-- Supplied material follows --

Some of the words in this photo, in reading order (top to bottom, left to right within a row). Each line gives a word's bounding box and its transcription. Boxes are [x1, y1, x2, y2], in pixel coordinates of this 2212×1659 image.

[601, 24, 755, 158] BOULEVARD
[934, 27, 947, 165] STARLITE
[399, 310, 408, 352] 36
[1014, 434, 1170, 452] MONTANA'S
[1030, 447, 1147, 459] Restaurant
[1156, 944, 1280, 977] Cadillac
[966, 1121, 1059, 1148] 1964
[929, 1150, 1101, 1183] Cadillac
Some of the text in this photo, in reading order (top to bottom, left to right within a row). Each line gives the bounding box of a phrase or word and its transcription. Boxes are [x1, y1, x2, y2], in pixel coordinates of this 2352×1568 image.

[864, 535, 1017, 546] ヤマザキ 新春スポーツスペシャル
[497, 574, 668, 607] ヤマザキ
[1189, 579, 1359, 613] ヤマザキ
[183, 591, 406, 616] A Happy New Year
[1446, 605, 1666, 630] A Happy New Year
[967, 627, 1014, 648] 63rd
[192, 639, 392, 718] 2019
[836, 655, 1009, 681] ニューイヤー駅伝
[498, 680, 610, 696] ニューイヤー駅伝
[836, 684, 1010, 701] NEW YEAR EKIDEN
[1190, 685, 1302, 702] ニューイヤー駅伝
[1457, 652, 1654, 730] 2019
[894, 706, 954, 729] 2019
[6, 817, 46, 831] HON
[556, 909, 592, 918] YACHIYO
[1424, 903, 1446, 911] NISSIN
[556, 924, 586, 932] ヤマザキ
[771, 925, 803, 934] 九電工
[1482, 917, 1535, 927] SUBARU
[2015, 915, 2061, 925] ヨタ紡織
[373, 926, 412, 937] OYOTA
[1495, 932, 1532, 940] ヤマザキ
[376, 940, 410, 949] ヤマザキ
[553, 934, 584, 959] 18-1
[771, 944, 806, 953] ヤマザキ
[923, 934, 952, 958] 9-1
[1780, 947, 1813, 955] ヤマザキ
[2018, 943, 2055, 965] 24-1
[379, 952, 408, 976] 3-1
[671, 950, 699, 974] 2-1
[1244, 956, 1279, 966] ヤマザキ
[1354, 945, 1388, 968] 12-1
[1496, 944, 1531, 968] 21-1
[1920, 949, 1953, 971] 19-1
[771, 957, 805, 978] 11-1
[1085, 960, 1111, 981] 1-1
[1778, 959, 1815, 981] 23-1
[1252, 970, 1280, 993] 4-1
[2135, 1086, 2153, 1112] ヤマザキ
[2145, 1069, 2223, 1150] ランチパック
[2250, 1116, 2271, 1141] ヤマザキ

-- Supplied material concluded --

_Your task_.
Return every line of the material exactly.

_Problem solution_.
Some of the words in this photo, in reading order (top to bottom, left to right within a row). Each line gives a word's bounding box and its transcription. Boxes are [x1, y1, x2, y2], in pixel coordinates of this 2212×1659 image.

[601, 24, 755, 158] BOULEVARD
[934, 27, 947, 165] STARLITE
[399, 310, 408, 352] 36
[1014, 434, 1170, 452] MONTANA'S
[1030, 447, 1147, 459] Restaurant
[1156, 944, 1280, 977] Cadillac
[966, 1121, 1059, 1148] 1964
[929, 1150, 1101, 1183] Cadillac
Some of the text in this photo, in reading order (top to bottom, left to right within a row). Each line gives the bounding box of a phrase or word and its transcription. Boxes are [x1, y1, x2, y2], in pixel coordinates of this 2352×1568 image.

[864, 535, 1017, 546] ヤマザキ 新春スポーツスペシャル
[497, 574, 668, 607] ヤマザキ
[1189, 579, 1359, 613] ヤマザキ
[183, 591, 406, 616] A Happy New Year
[1446, 605, 1666, 630] A Happy New Year
[967, 627, 1014, 648] 63rd
[192, 639, 392, 718] 2019
[836, 655, 1009, 681] ニューイヤー駅伝
[498, 680, 610, 696] ニューイヤー駅伝
[836, 684, 1010, 701] NEW YEAR EKIDEN
[1190, 685, 1302, 702] ニューイヤー駅伝
[1457, 652, 1654, 730] 2019
[894, 706, 954, 729] 2019
[6, 817, 46, 831] HON
[556, 909, 592, 918] YACHIYO
[1424, 903, 1446, 911] NISSIN
[556, 924, 586, 932] ヤマザキ
[771, 925, 803, 934] 九電工
[1482, 917, 1535, 927] SUBARU
[2015, 915, 2061, 925] ヨタ紡織
[373, 926, 412, 937] OYOTA
[1495, 932, 1532, 940] ヤマザキ
[376, 940, 410, 949] ヤマザキ
[553, 934, 584, 959] 18-1
[771, 944, 806, 953] ヤマザキ
[923, 934, 952, 958] 9-1
[1780, 947, 1813, 955] ヤマザキ
[2018, 943, 2055, 965] 24-1
[379, 952, 408, 976] 3-1
[671, 950, 699, 974] 2-1
[1244, 956, 1279, 966] ヤマザキ
[1354, 945, 1388, 968] 12-1
[1496, 944, 1531, 968] 21-1
[1920, 949, 1953, 971] 19-1
[771, 957, 805, 978] 11-1
[1085, 960, 1111, 981] 1-1
[1778, 959, 1815, 981] 23-1
[1252, 970, 1280, 993] 4-1
[2135, 1086, 2153, 1112] ヤマザキ
[2145, 1069, 2223, 1150] ランチパック
[2250, 1116, 2271, 1141] ヤマザキ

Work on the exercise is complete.